== What is being asked ==
All of the lines below are to be transcribed faithfully, with pictures excluded from the copy.

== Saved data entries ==
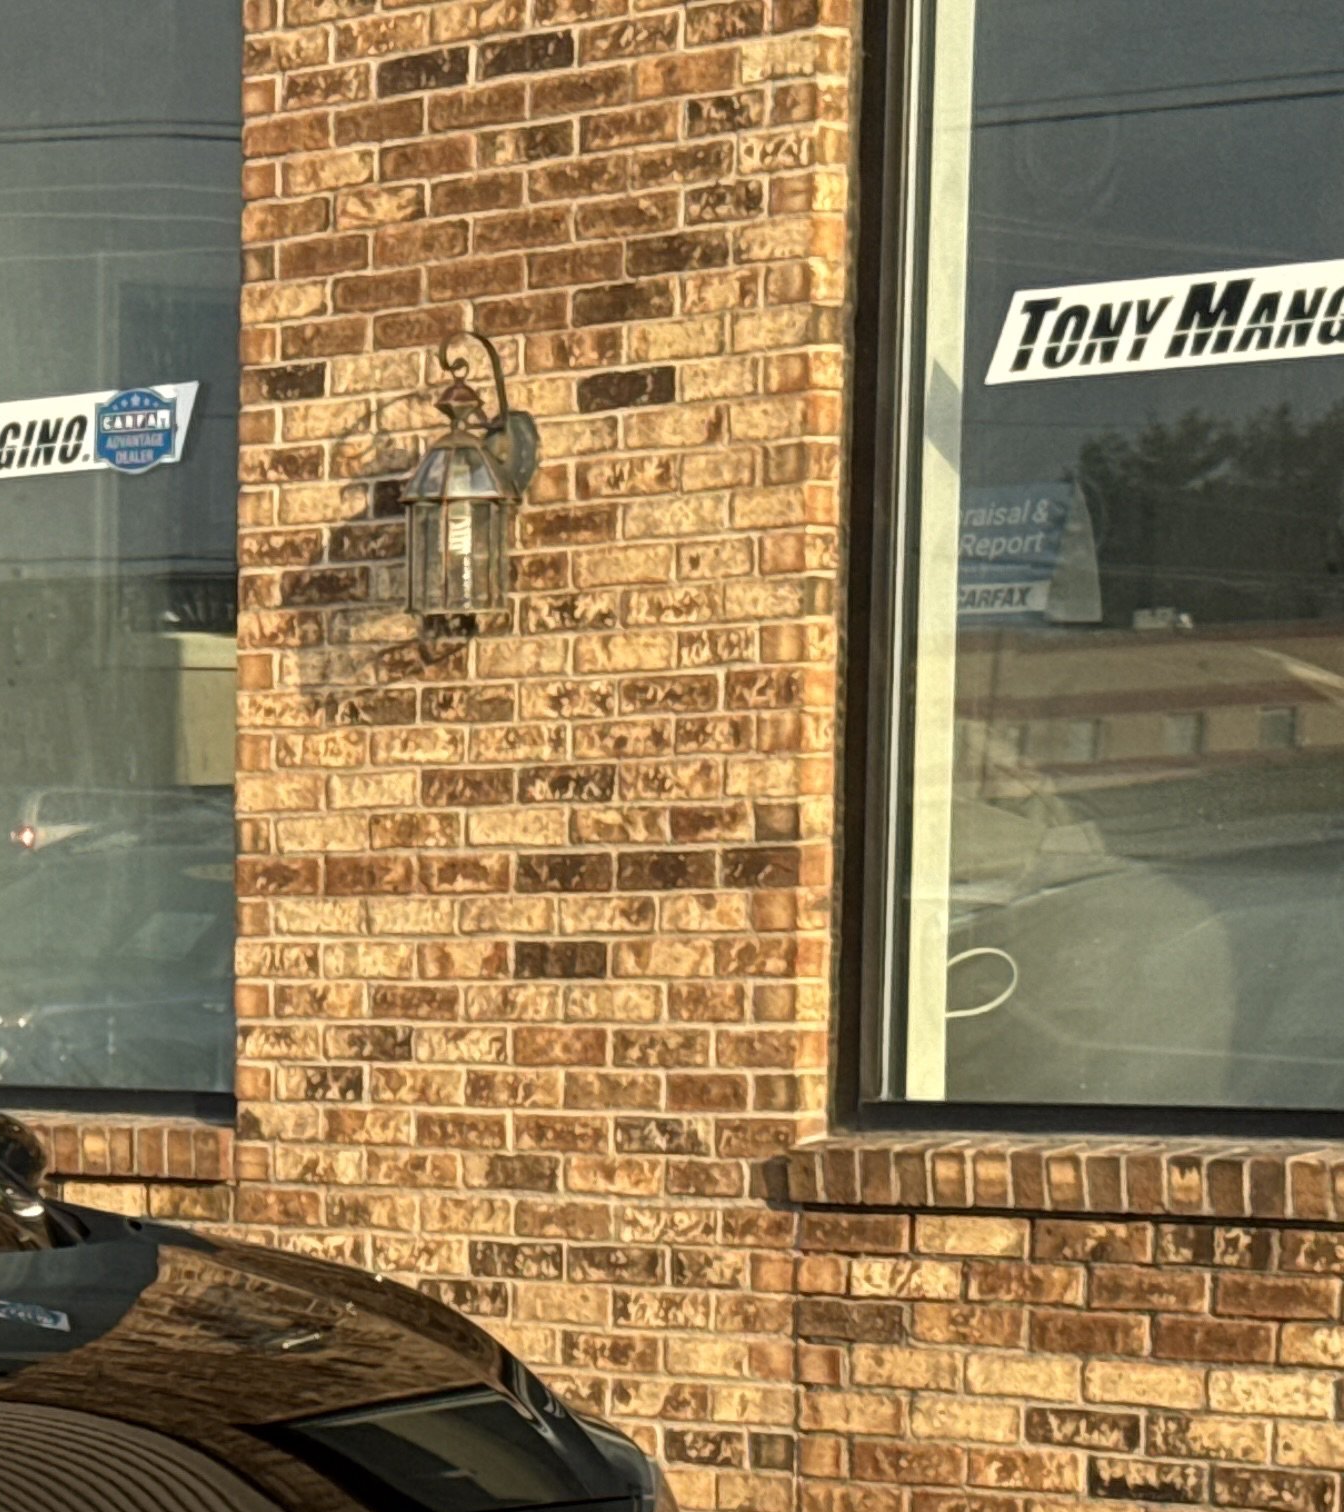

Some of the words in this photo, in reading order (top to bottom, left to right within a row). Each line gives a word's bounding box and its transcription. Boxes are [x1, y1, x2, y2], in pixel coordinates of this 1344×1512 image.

[1009, 296, 1174, 372] TONY
[958, 499, 1031, 527] raisal
[1033, 498, 1050, 525] &
[958, 532, 1046, 560] Report

== Task response ==
Some of the words in this photo, in reading order (top to bottom, left to right within a row). Each line gives a word's bounding box and its transcription. Boxes are [x1, y1, x2, y2], in pixel coordinates of this 1344×1512 image.

[1009, 296, 1174, 372] TONY
[958, 499, 1031, 527] raisal
[1033, 498, 1050, 525] &
[958, 532, 1046, 560] Report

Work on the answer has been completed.